Hoewel een groot deel van de Japan trip van Robert en mij gevuld was met dagen pretpark, die op hun beurt, eerlijk is eerlijk, ook voor een aanzienlijk deel de aanjager waren voor de reis, staat buiten kijf dat de indrukken in de parken slechts een onderdeel van de belevenissen vormden. Misschien wel zo tof om daarom toch ook even een kijkje in het grotere foto album te geven dat Japan als land op de kaart zet.
Goed idee? Ja toch.
Mocht dit report echter volledig uit de lucht komen vallen, dan wil ik toch nog wel even terug linken naar de vorigen uit de serie...

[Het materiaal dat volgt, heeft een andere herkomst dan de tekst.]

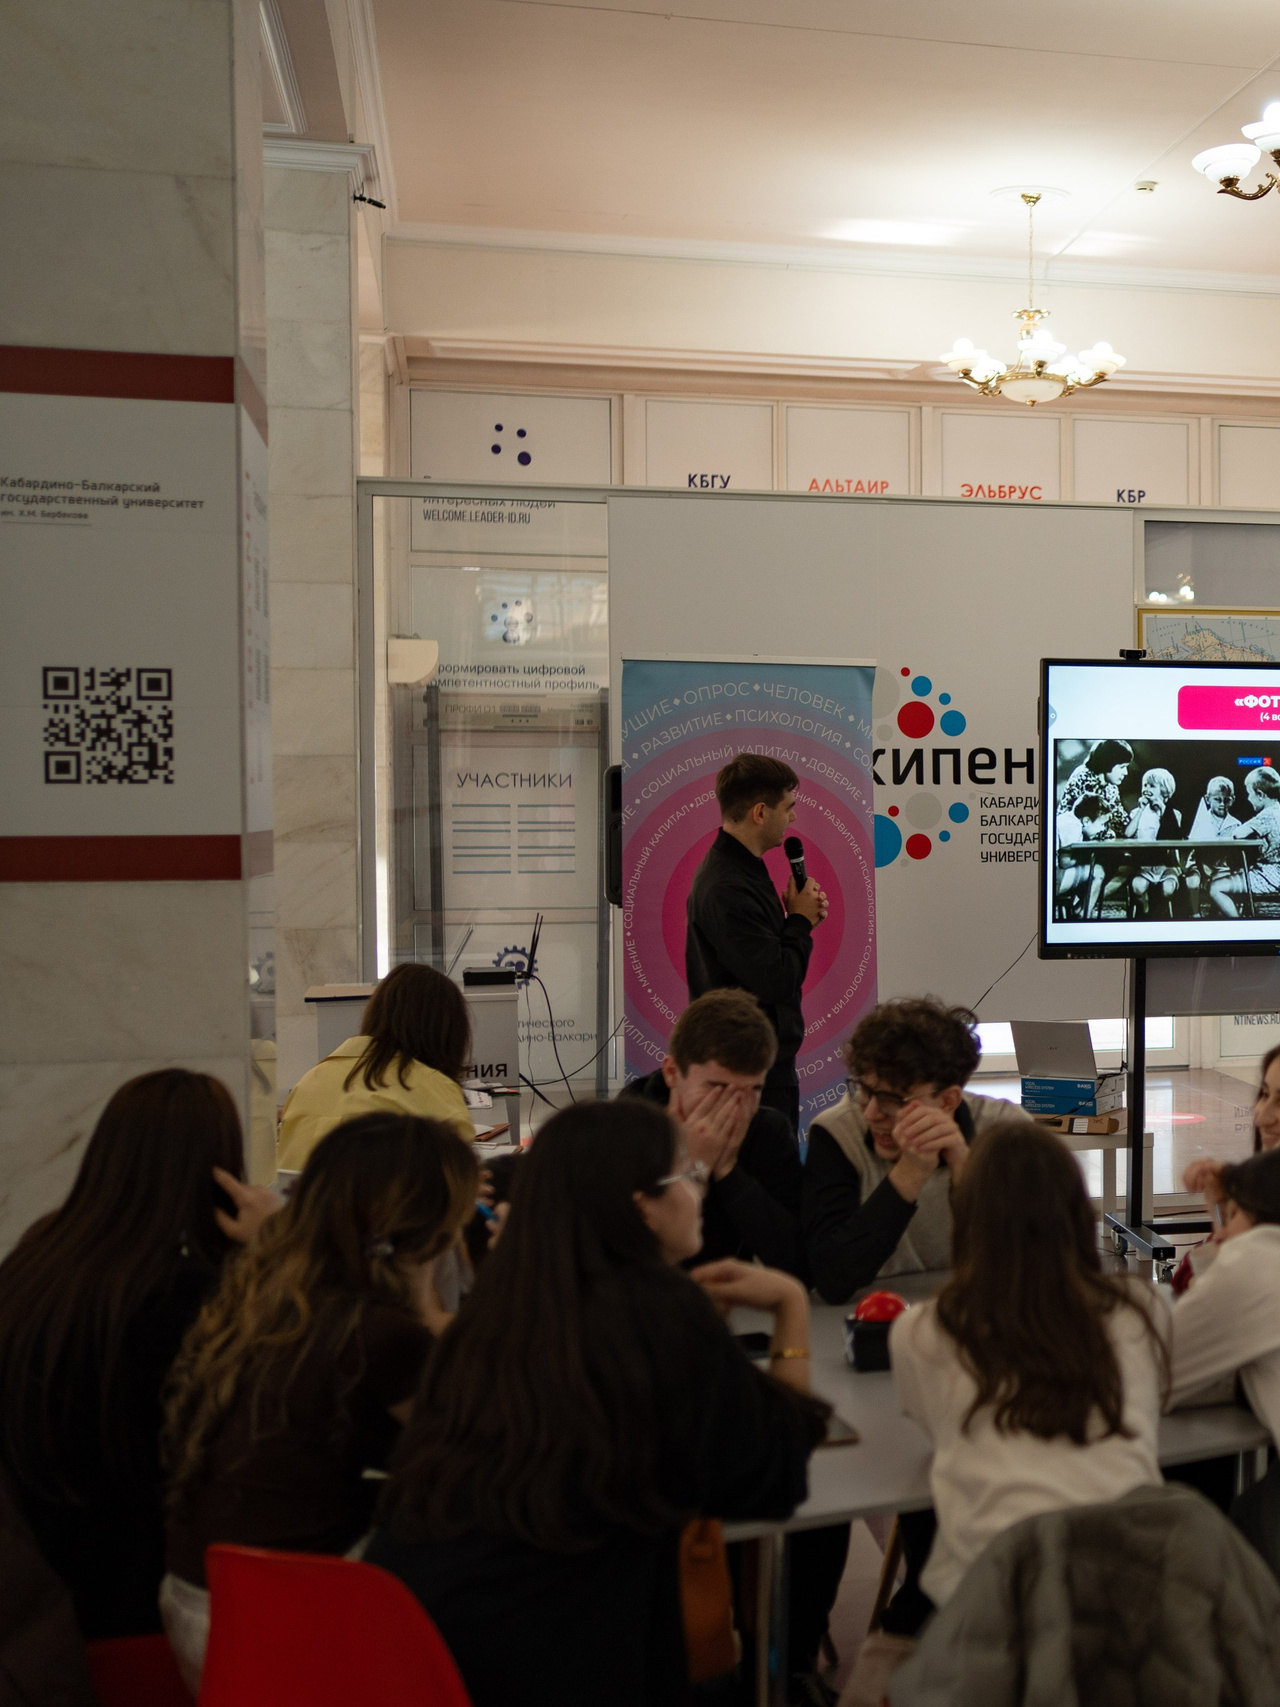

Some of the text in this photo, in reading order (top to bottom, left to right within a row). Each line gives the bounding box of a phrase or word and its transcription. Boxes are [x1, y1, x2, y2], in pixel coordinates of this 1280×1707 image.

[1, 476, 160, 493] Кабардино-Балкарский
[687, 473, 731, 489] КБГУ
[807, 478, 890, 493] АЛЬТАИР
[960, 484, 1043, 500] ЭЛЬБРУС
[1116, 489, 1146, 503] КБР
[1, 492, 204, 509] государственный университет
[423, 509, 531, 524] WELCOME.LEADER-ID.RU
[523, 663, 586, 676] цифровой
[427, 678, 600, 691] омпетентностный профиль
[683, 681, 846, 719] ОПРОС ЧЕЛОВЕК
[1260, 712, 1270, 723] (4
[640, 712, 724, 755] РАЗВИТИЕ
[735, 709, 843, 745] ПСИХОЛОГИЯ
[456, 772, 573, 789] УЧАСТНИКИ
[641, 744, 734, 799] СОЦИАЛЬНЫЙ
[737, 744, 799, 762] КАПИТАЛ
[805, 757, 863, 802] ДОВЕРИЕ
[624, 805, 875, 1015] СОЦИАЛЬНЫЙ КАПИТАЛ РАЗВИТИЕ ПСИХОЛОГИЯ СОЦИОЛОГИЯ
[625, 939, 650, 988] МНЕНИЕ
[1233, 1014, 1280, 1026] NTINEWS.RU

Nagashima Spa Land, Coasteren in het Oosten
Universal Studios Japan, gelukkig wat meer dan universeel
Tokyo Disneyland, op zoek naar de verschillen in het kasteelpark
Tokyo DisneySea, Vaticaanstad van de pretparken
... want die verzorgden toch bijna de helft van de tijd dat we in Japan verbleven.
Gaan we nu door!
Dus, Japan. Waar te beginnen? Misschien is het goed om te vertellen dat ik in groep 7 op de basisschool een werkstuk heb gemaakt over kernwapens en in groep 8 een spreekbeurt heb gehouden over ditzelfde onderwerp. De atoombom op Hiroshima is dus een thema dat al vrij vroeg indruk op mij heeft gemaakt en wetende dat Japan op het menu stond, leek het me ook meer dan interessant om Hiroshima toe te voegen aan de reis. Dit gaf al meteen wat extra houvast op de kaart; Hiroshima ligt namelijk vrij ver in het Westen van het land en met Tokyo in het Oosten als hub vanuit Europa ontstond er een gebied van zowat hemelsbreed 900 kilometer op de kaart waartussen we idealiter onze andere culturele tussenstops zouden plakken.

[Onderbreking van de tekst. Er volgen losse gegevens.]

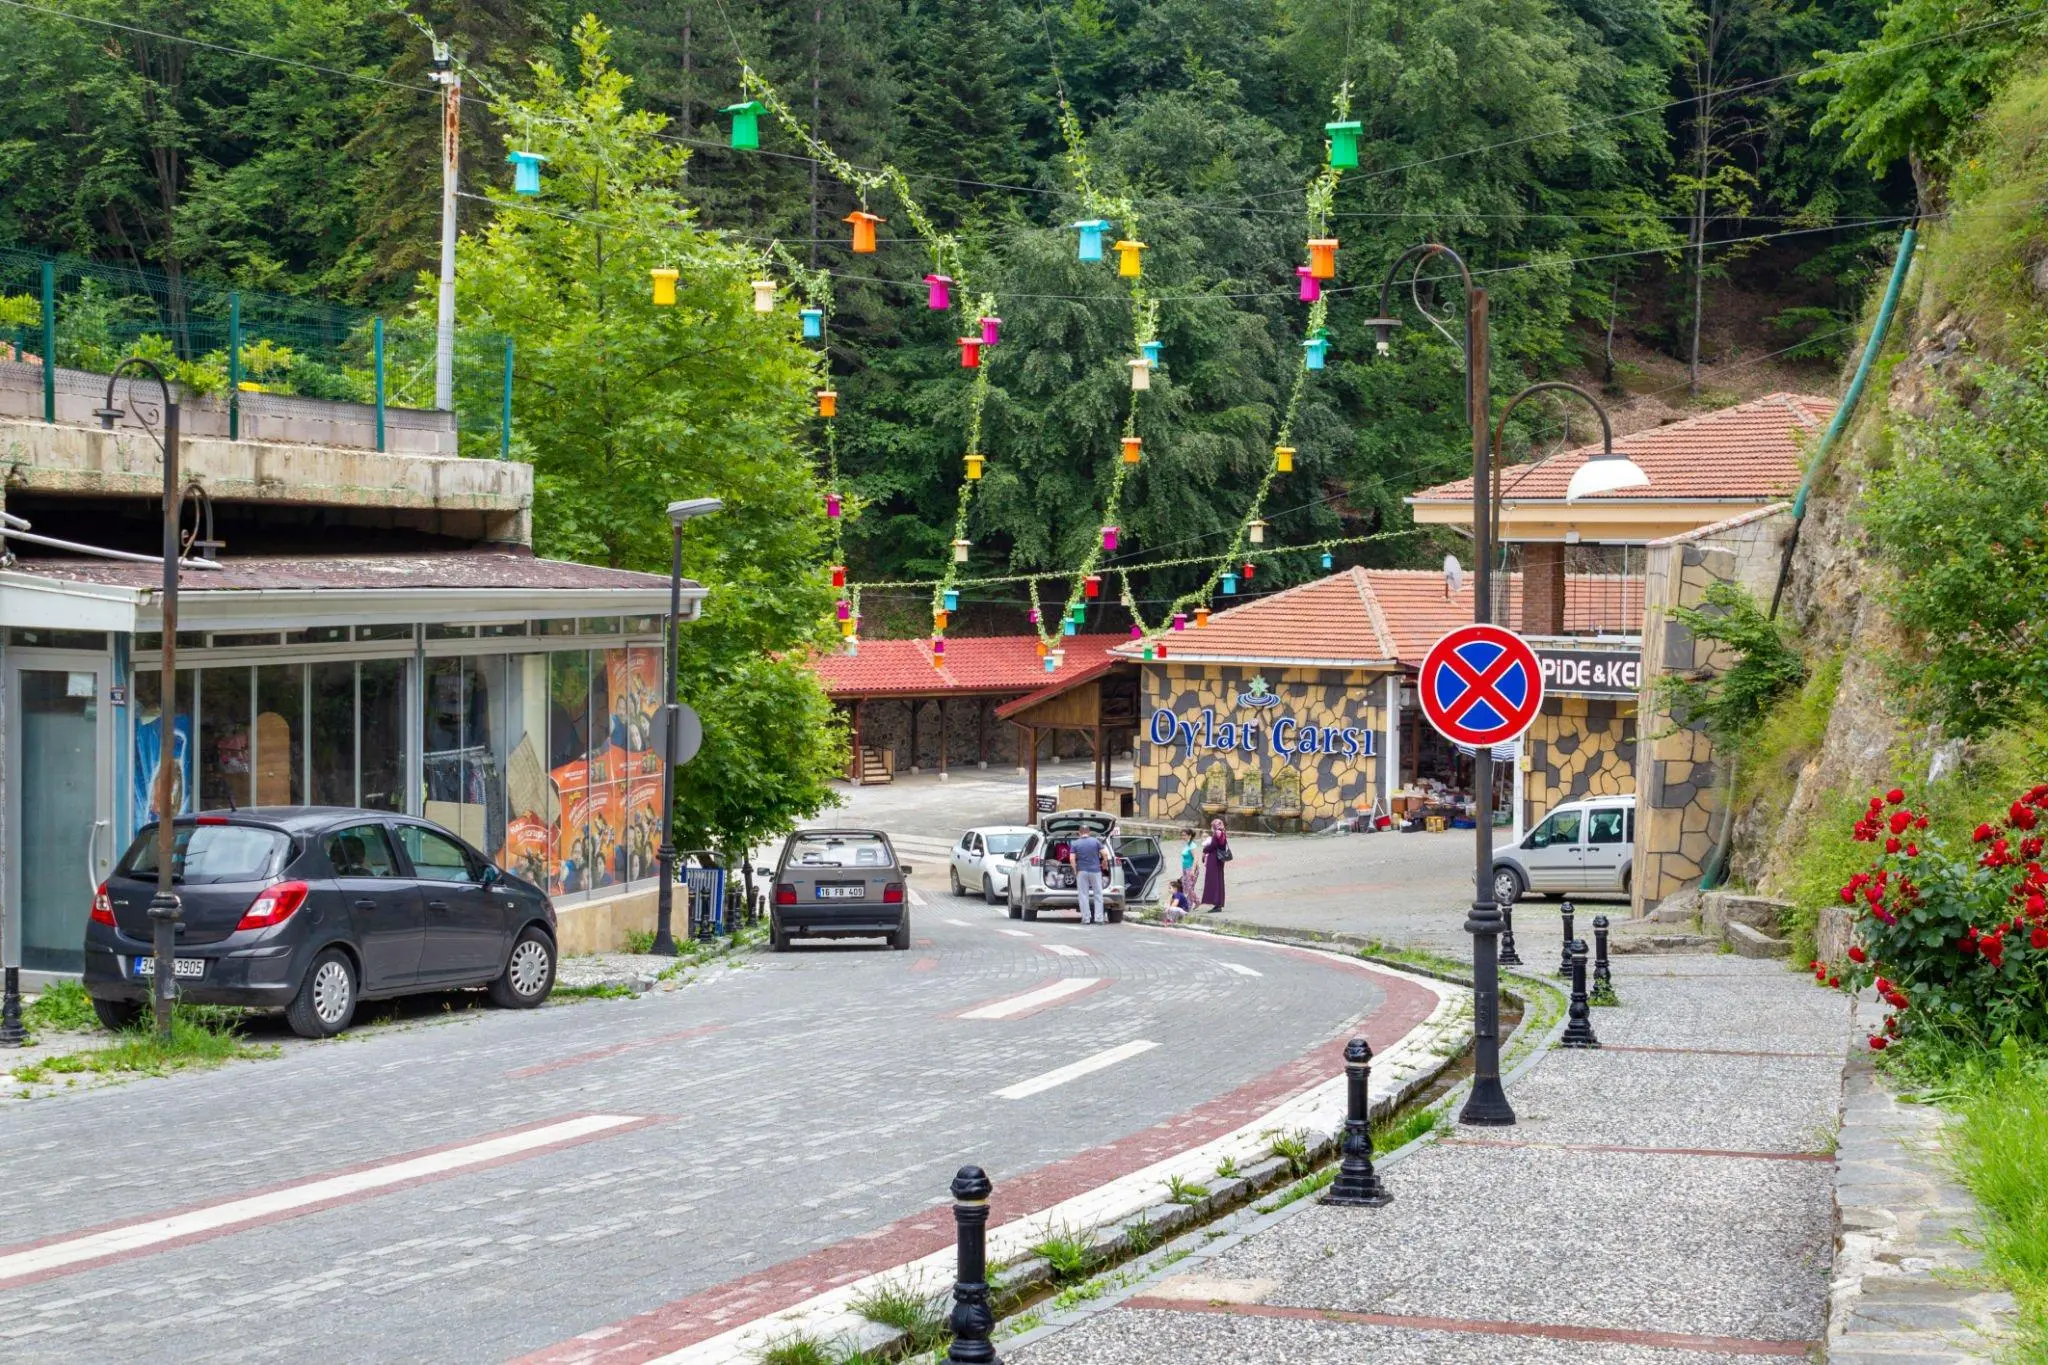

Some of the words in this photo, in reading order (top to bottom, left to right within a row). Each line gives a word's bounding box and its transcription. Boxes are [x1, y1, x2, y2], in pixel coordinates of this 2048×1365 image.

[1150, 708, 1258, 759] Oylat
[1272, 717, 1377, 765] Çarşı
[821, 888, 830, 896] 16
[848, 888, 863, 896] 409
[141, 958, 154, 973] 34
[176, 960, 203, 975] 3905

Laat ik eens starten met wat algemene indrukken.
Japan is namelijk dit...
... maar ook weer dit. Op de een of andere manier moet het óf krankzinnig druk, óf volledig zen. Heeft men dat laatste nodig om in dat eerste te overleven? Of is het de jeugdige generatie die de tradities hier en daar wel eens van zich af wil schudden?

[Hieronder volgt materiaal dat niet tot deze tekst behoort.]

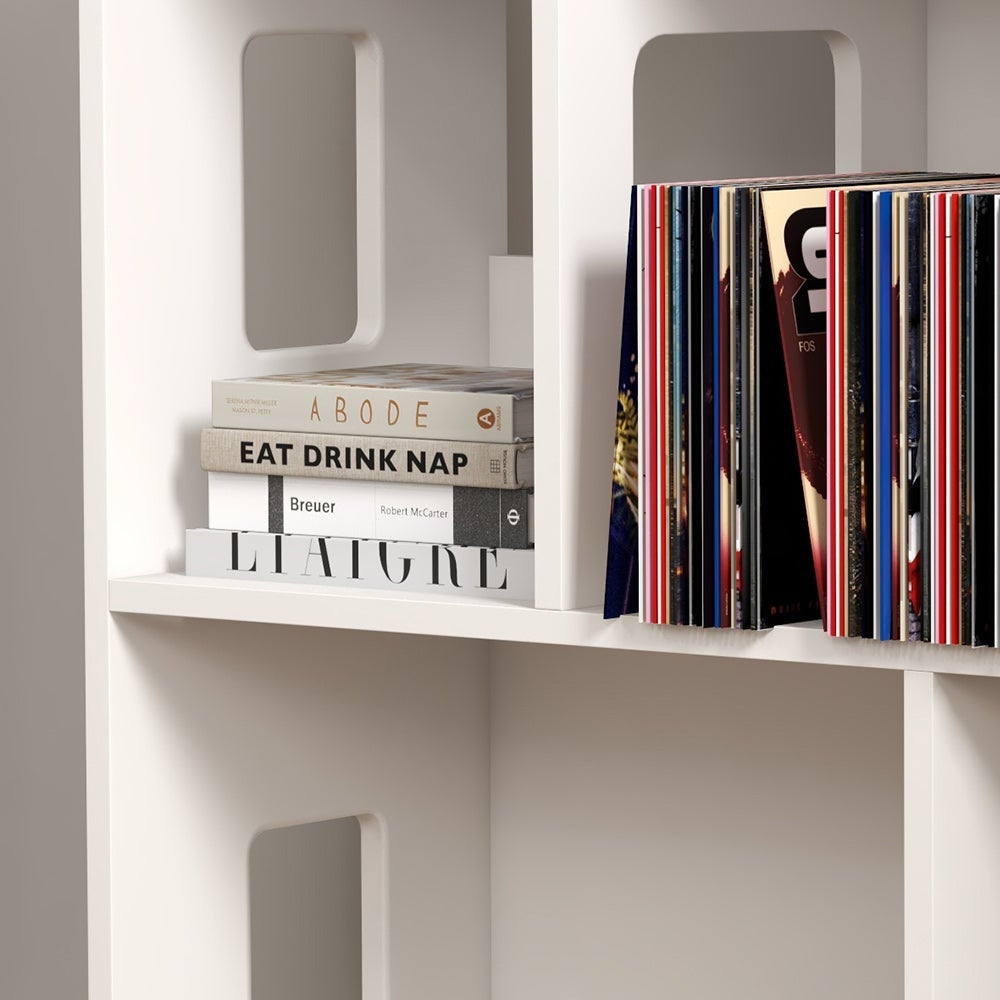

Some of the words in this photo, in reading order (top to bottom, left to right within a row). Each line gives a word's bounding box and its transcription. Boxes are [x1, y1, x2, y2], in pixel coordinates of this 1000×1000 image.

[311, 396, 429, 428] ABODE
[240, 441, 294, 466] EAT
[303, 445, 398, 472] DRINK
[406, 450, 469, 475] NAP
[290, 497, 336, 514] Breuer
[380, 505, 409, 518] Robert
[410, 506, 449, 520] McCarter

In welke van de twee werelden je ook komt, dit is wat overal opvalt; Japan is brandschoon. En dat is bevreemdend. Een jaar of vijftien geleden zag ik een aflevering van 'Hoe schoon is jouw huis' waarin een studentenwoning flink onder handen genomen werd. Resultaat: een vreemd gezicht, want een studentenhuis dat eruit ziet alsof je er van de grond kunt eten, is niet zoals je het kent. En dat geldt voor een stad niet anders. Ergens verwacht je wel rondzwervende peuken, blikjes, zand of ander gruis desnoods. Maar niks van dit alles in Japan.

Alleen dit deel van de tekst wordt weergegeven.